Energy profiles are derived by coarse-grained amino acid interaction models based on $C_{\alpha}$ and $C_{\beta}$ atom coordinate information extracted from known protein structures. The propensity of an amino acid residue to interact with other residues (and adding information of the residue localization with respect to the membrane lipid bilayer in the case of the membrane proteins) is investigated. In general, the energy of any protein is given by equation \eqref{eq:definition}, where the parameters $n_{a_i}^{in}$ and $n_{a_i}^{out}$ are equal to the number of observing the amino acid $a_{i}$ being buried in the structure or exposed to the solvent at the protein surface, respectively. These parameters are derived from known globular and membrane protein structures. In our coarse-grained energy model, the interaction energy $e_{a_{i},a_{j}}$ between two amino acids $a_{i}$ and $a_{j}$ is equal to the summation of $e_{a_{i}}$ and $e_{a_{j}}$ as depicted in equation \eqref{eq:single}. Then the computation of the total energy $E_{a_{i}}$ of amino acid residue $a_{i}$ can be performed as given in equation \eqref{eq:total}. By iterating over all amino acids in a protein structure, the total energy for each amino acid can be determined. The sequence of all total energies corresponds to the energy profile.
In our work, we have shown that coarse-grained energies can be applied to investigate protein structure stability and functionality. It is demonstrated that energy profile similarities point to common sequential, structural and functional characteristics. Thus, changes of single energy values or changes in energy profile progression can be used for analyzing mutated characteristics of the proteins of interest.

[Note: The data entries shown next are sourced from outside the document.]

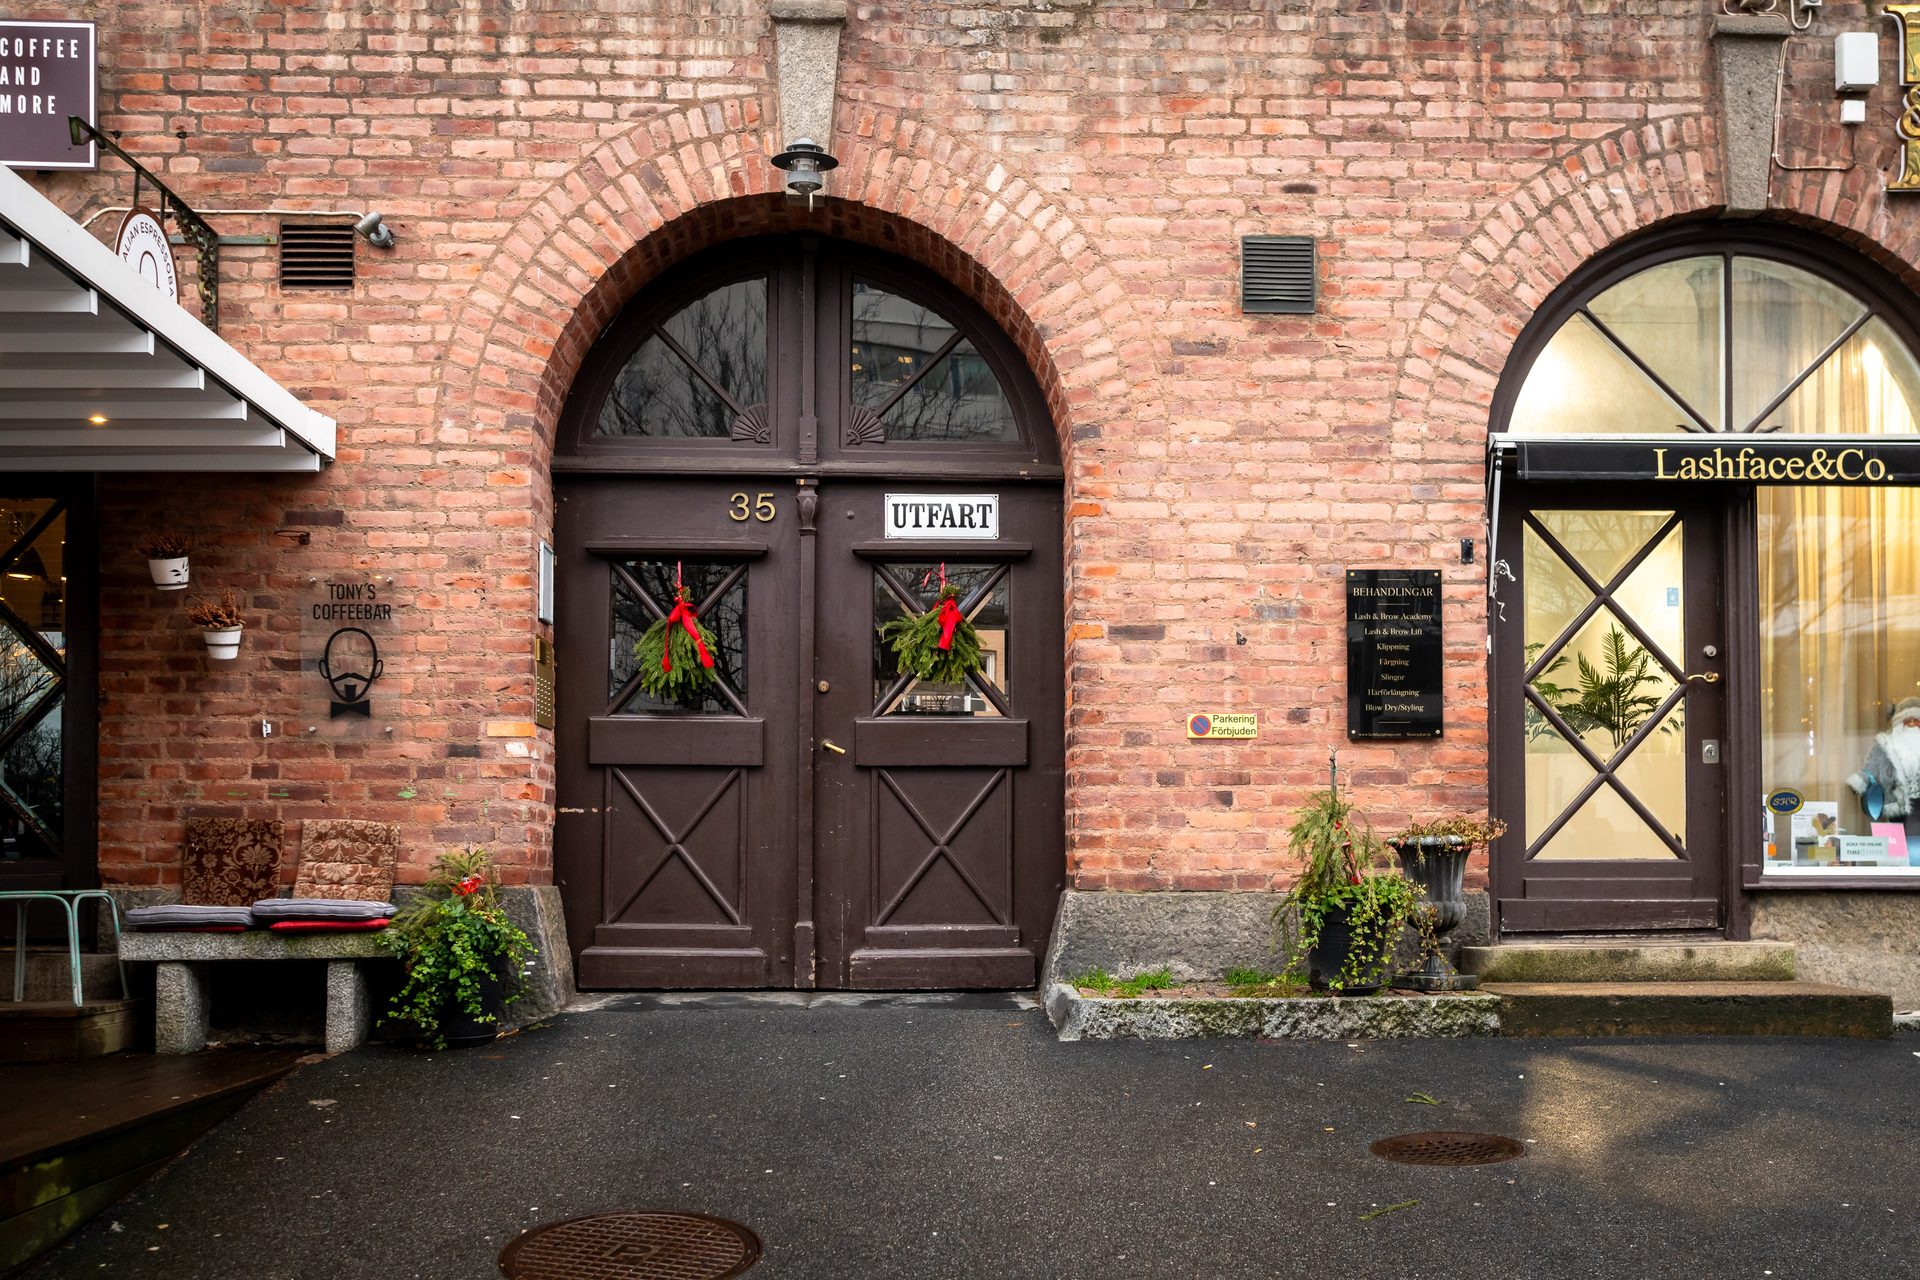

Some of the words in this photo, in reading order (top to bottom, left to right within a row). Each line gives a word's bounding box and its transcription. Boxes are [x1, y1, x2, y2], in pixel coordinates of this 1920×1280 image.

[0, 37, 79, 58] COFFEE
[0, 65, 41, 86] AND
[0, 94, 56, 115] MORE
[1653, 447, 1895, 481] Lashface&Co.
[729, 492, 777, 522] 35
[892, 502, 993, 529] UTFART
[1353, 587, 1433, 597] BEHANDLINGAR
[313, 604, 391, 620] COFFEEBAR
[1354, 612, 1371, 621] Lash
[1400, 613, 1433, 622] Academy
[1376, 643, 1410, 652] Klippning
[1381, 673, 1406, 682] Slingor
[1384, 703, 1425, 713] Dry/Styling
[1212, 714, 1256, 726] Parkering
[1211, 726, 1257, 738] Förbjuden

\begin{eqnarray} e_{a_i} & \propto & -\ln{\left({n_{a_i}^{in} \over n_{a_i}^{out}}\right)} \label{eq:definition} \\ e_{a_{i},a_{j}} & = & \left( e_{a_{i}} + e_{a_{j}} \right) \label{eq:single} \\ E_{a_{i}} & = & \sum_{< i, j >}{e_{a_{i},a_{j}}} \label{eq:total} \end{eqnarray}

In all applications the energy profiles are visualised by a scheme of energy quantiles. The quantiles are derived from the distributions of energy values of all protein structures in our globular and alpha-helical transmembrane protein energy profile database. The coloring scheme is given as follows: blue - very low energy (very stable), green - low energy (stable), yellow - ambivalent energy (intermediate stability) and red - very high energy (instable).

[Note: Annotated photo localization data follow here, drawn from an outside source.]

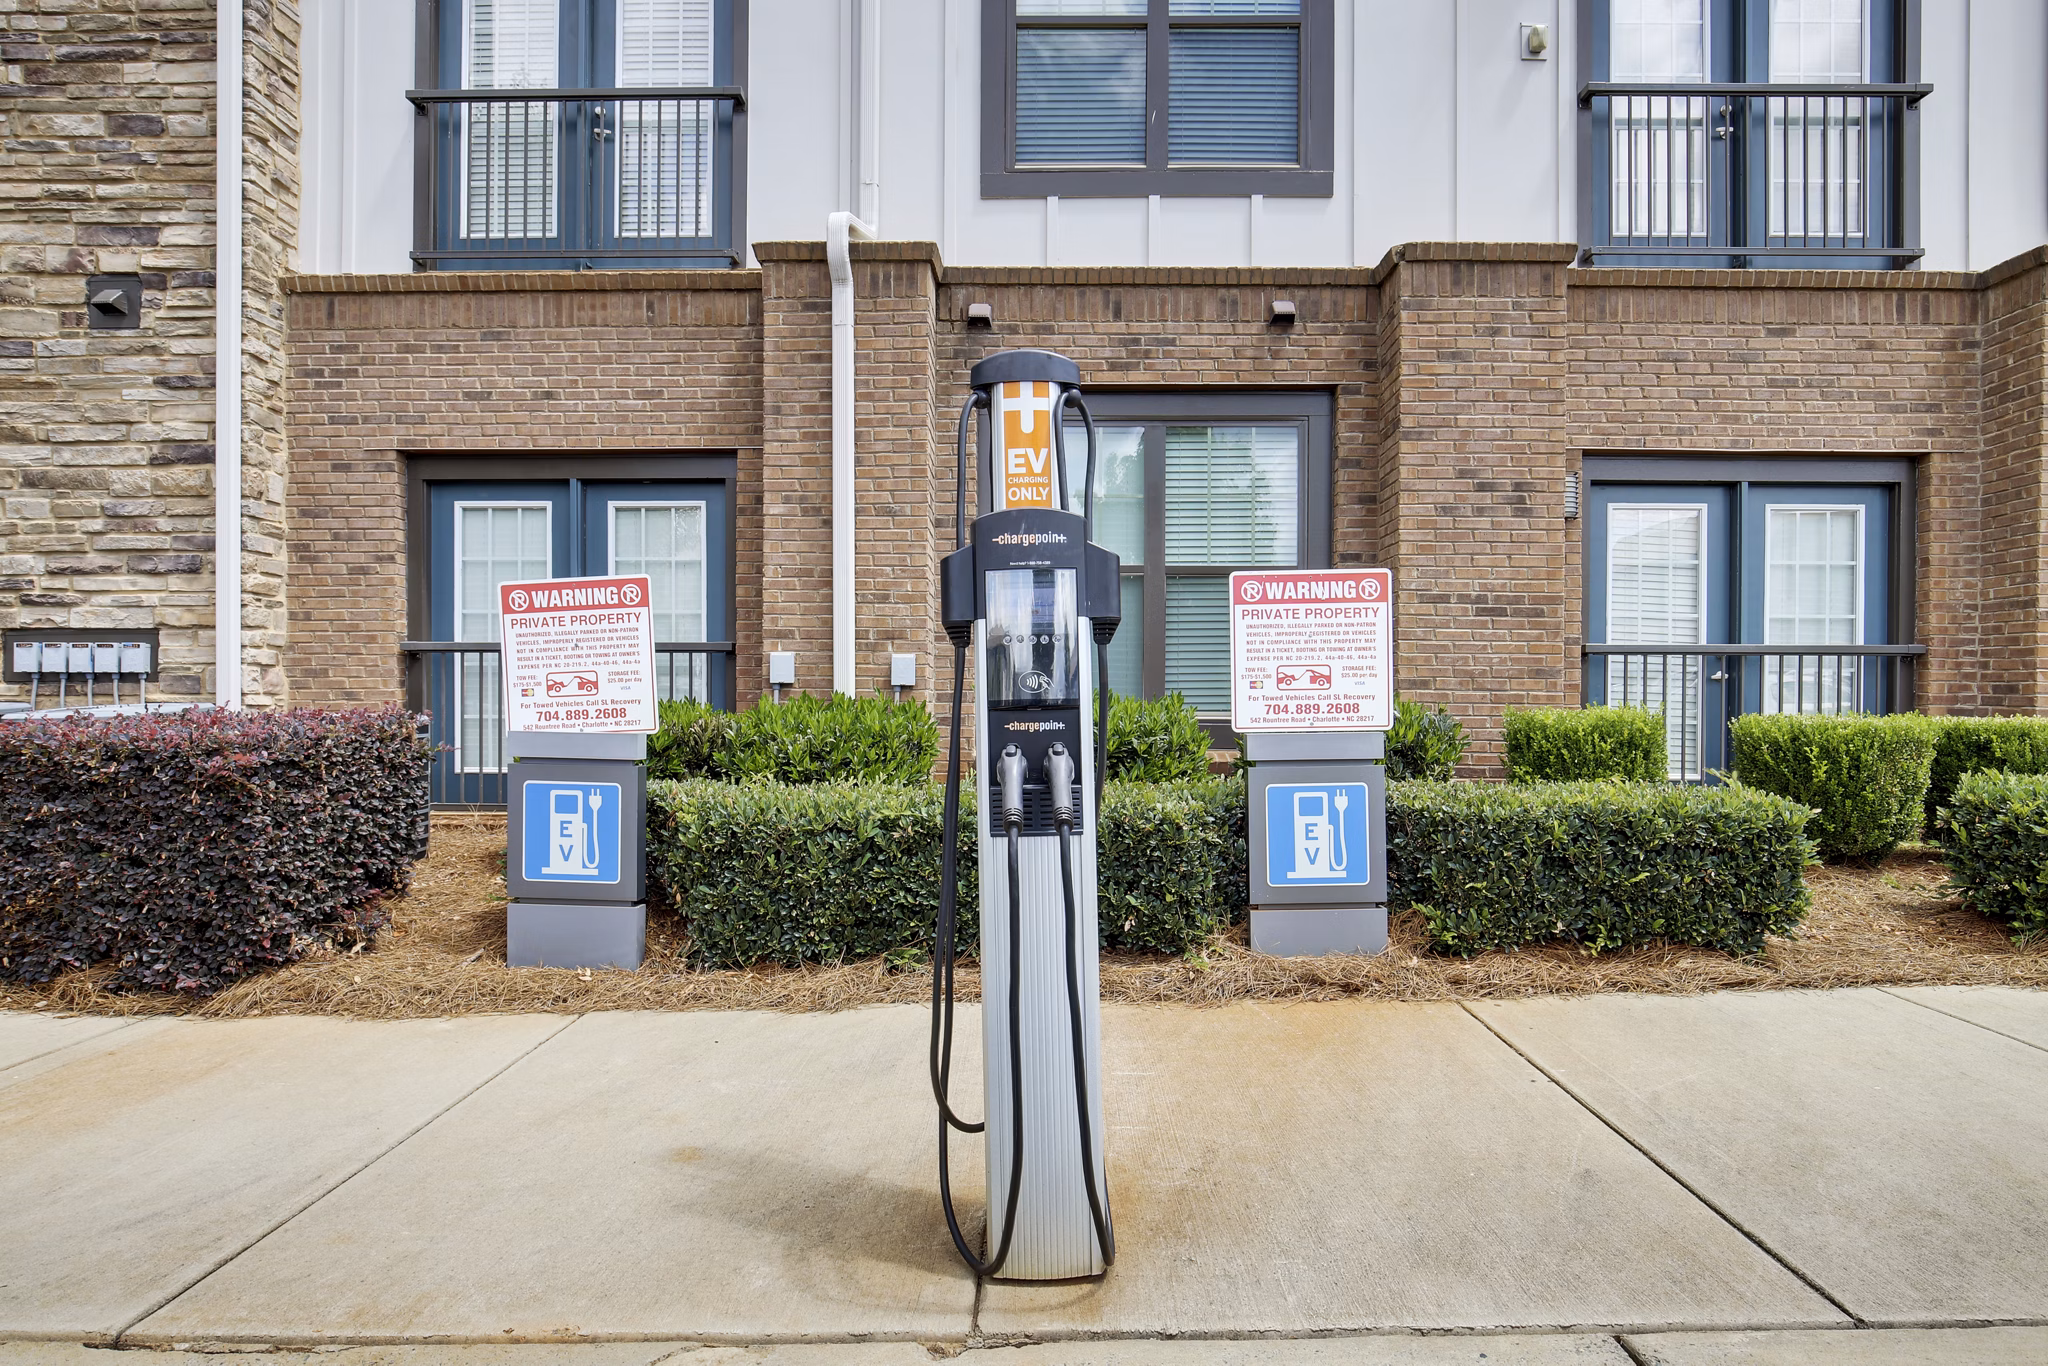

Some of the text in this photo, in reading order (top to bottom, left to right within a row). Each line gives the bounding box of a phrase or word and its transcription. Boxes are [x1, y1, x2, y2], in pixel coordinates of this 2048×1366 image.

[1008, 448, 1048, 474] EV
[1008, 476, 1048, 484] CHARGING
[1008, 486, 1050, 501] ONLY
[531, 586, 618, 608] WARNING
[1265, 580, 1356, 600] WARNING
[511, 612, 641, 629] PRIVATE PROPERTY
[1242, 607, 1380, 620] PRIVATE PROPERTY
[536, 708, 627, 722] 704.889.2608
[1264, 703, 1360, 714] 704.889.2608
[559, 820, 574, 862] EV
[1304, 823, 1320, 865] EV

## Alignment of energy profiles

The alignment of energy profiles is based on dynamic programming and an adapted Needleman-Wunsch/Smith-Waterman algorithm (with cost schemes optimized for energy profile comparison).

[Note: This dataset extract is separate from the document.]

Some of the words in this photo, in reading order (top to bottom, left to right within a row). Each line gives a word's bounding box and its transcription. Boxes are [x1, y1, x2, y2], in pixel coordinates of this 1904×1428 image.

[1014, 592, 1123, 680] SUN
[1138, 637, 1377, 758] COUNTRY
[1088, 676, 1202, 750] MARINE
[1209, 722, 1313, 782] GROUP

For this alignment of 1B1J and 1FS3 we would receive the following values:

sequence identity: 30.3%
sequence similarity: 47.0%

DaliLite zScore: 15.3
eAlign dScore: 1.4

The dScore (distance score) is calculated by a permutation based alignment evaluation approach leading to values between 0 (exact match) and 5 (no detectable correspondences). Thus, the received dScore of 1.4 indicates significant energy profile similarity and alignment significance.

## References

F. Heinke and D. Labudde. Membrane protein stability analyses by means of protein energy profiles in case of nephrogenic diabetes insipidus. Comput Math Methods Med, 2012:790281, February 2012.
F. Heinke, A. Tuukkanen, and D. Labudde. Analysis of Membrane Protein Stability in Diabetes insipidus. InTech, 2011, Edited by Kyuzi Kamoi,ISBN: 978-953-307-367-5,DOI: 10.5772/22258
F. Heinke and D. Labudde. Predicting functionality of the non-expressed putative human OHCU decarboxylase by means of novel protein energy profile-based methods. Conference proceedings of 13. Nachwuchswissenschaftlerkonferenz, April 2012.